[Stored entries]
>>>

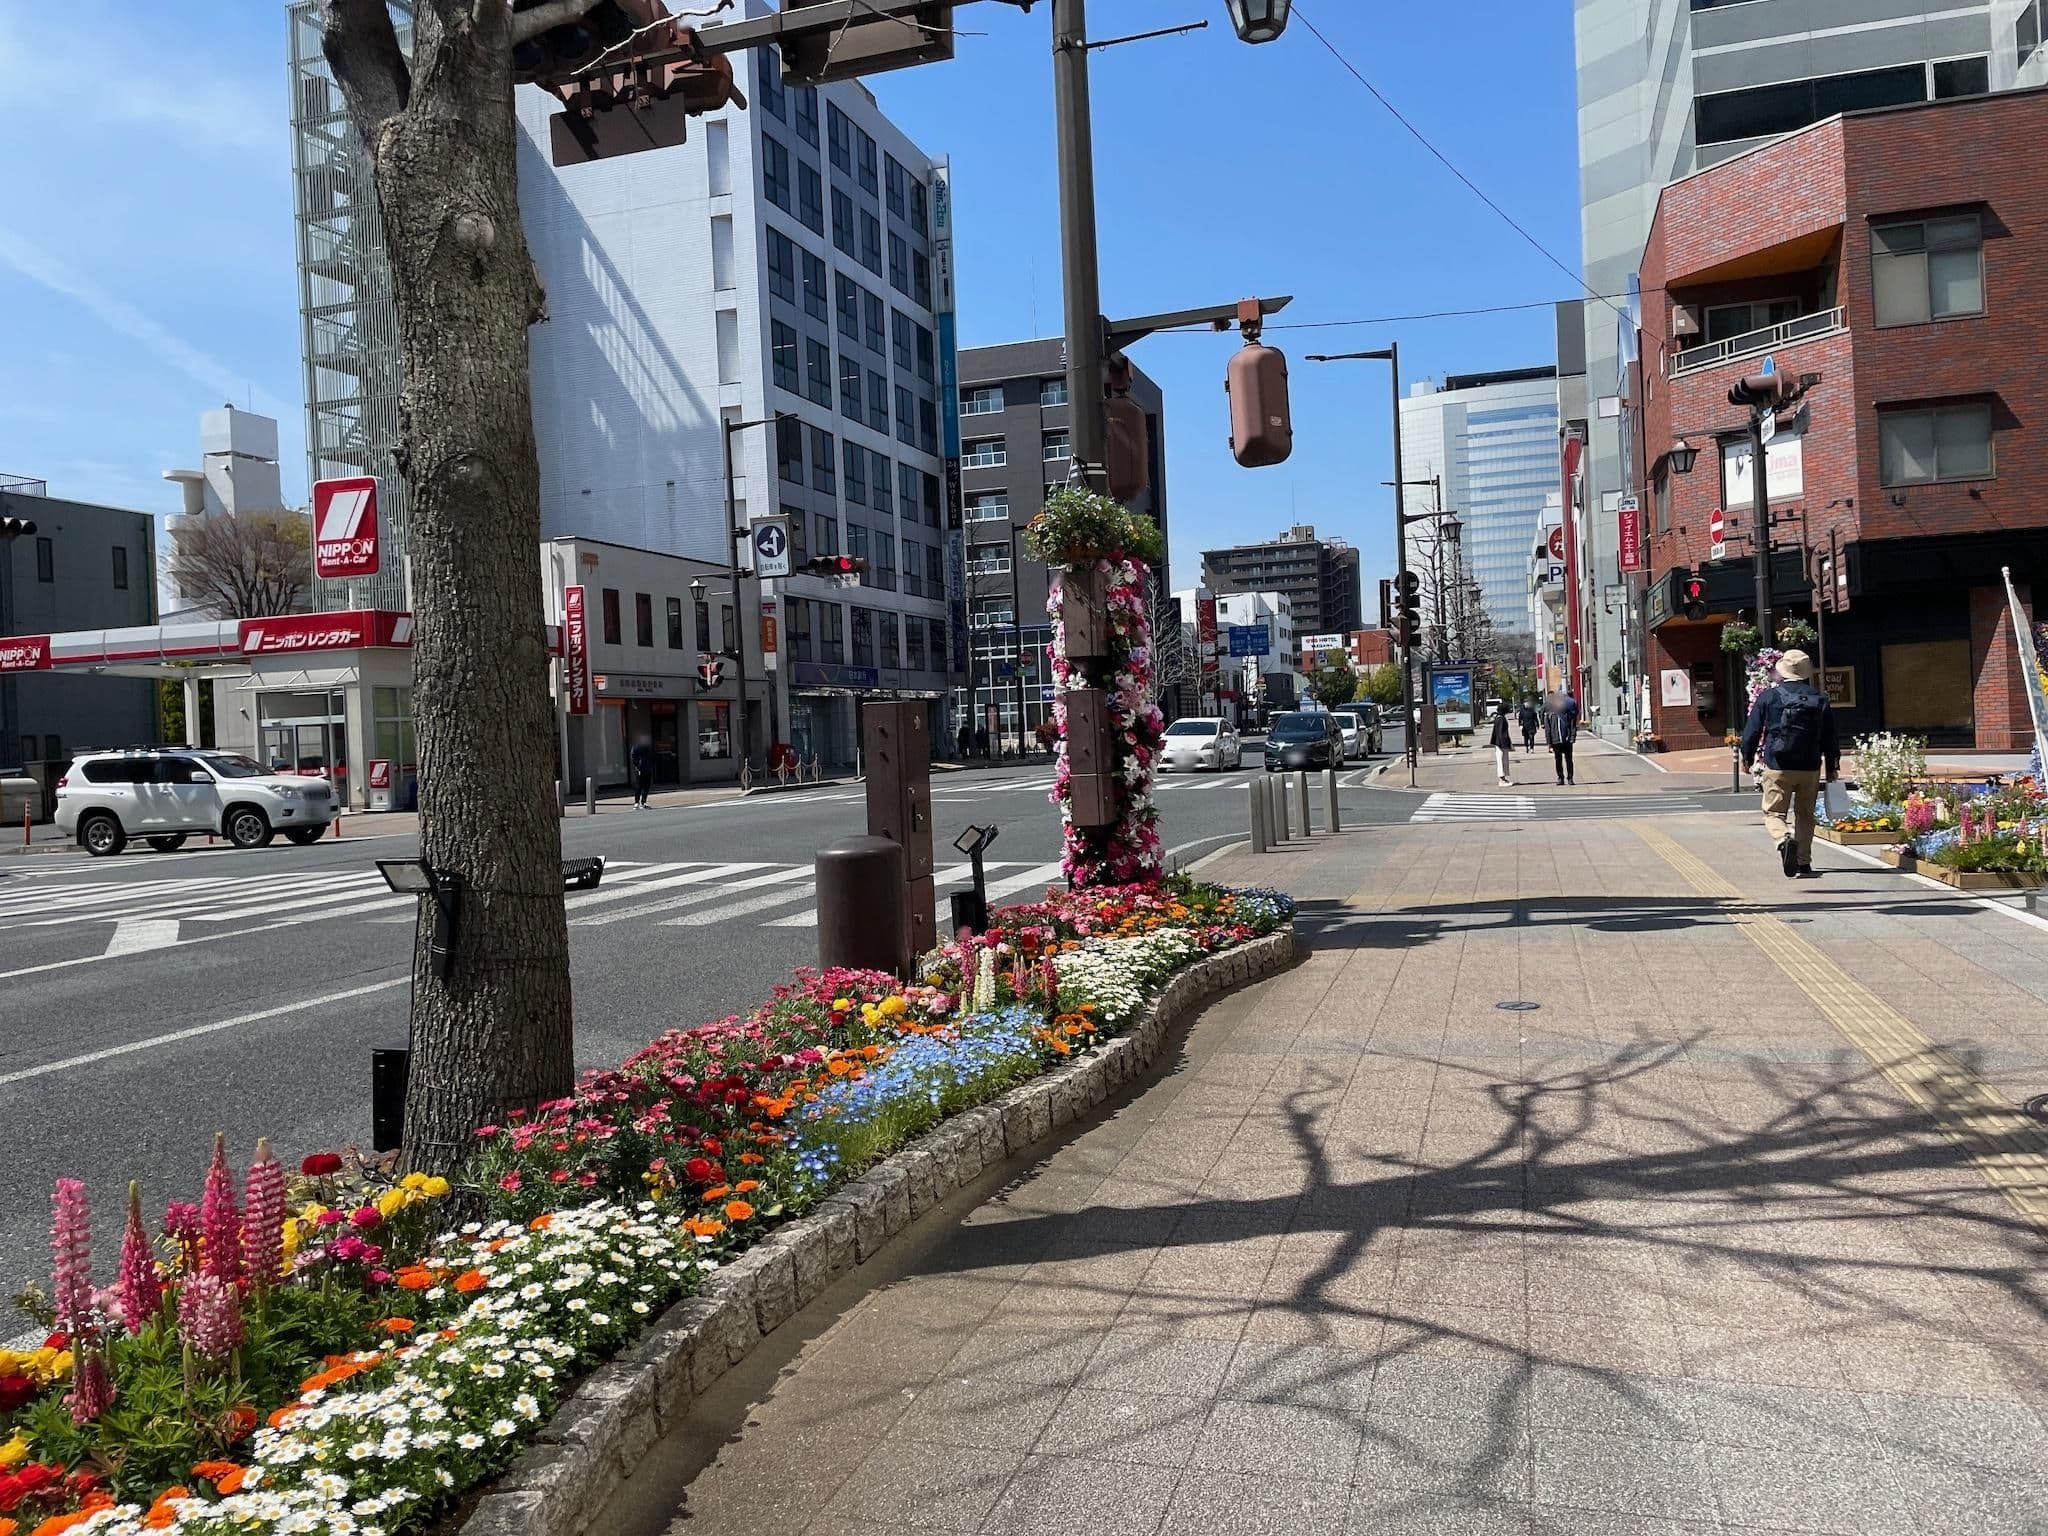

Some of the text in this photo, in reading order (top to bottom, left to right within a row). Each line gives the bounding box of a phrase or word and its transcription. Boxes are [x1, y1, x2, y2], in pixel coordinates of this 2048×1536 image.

[318, 540, 374, 558] NIPPON
[263, 630, 361, 650] ニッポンレンタカー
[0, 646, 41, 661] NIPPON
[569, 613, 584, 708] ニッポンレンタカー

<<<

**Action item**
Images are to be skipped, and each line above is to be returned exactly.

**Task output**
Some of the text in this photo, in reading order (top to bottom, left to right within a row). Each line gives the bounding box of a phrase or word and its transcription. Boxes are [x1, y1, x2, y2], in pixel coordinates of this 2048×1536 image.

[318, 540, 374, 558] NIPPON
[263, 630, 361, 650] ニッポンレンタカー
[0, 646, 41, 661] NIPPON
[569, 613, 584, 708] ニッポンレンタカー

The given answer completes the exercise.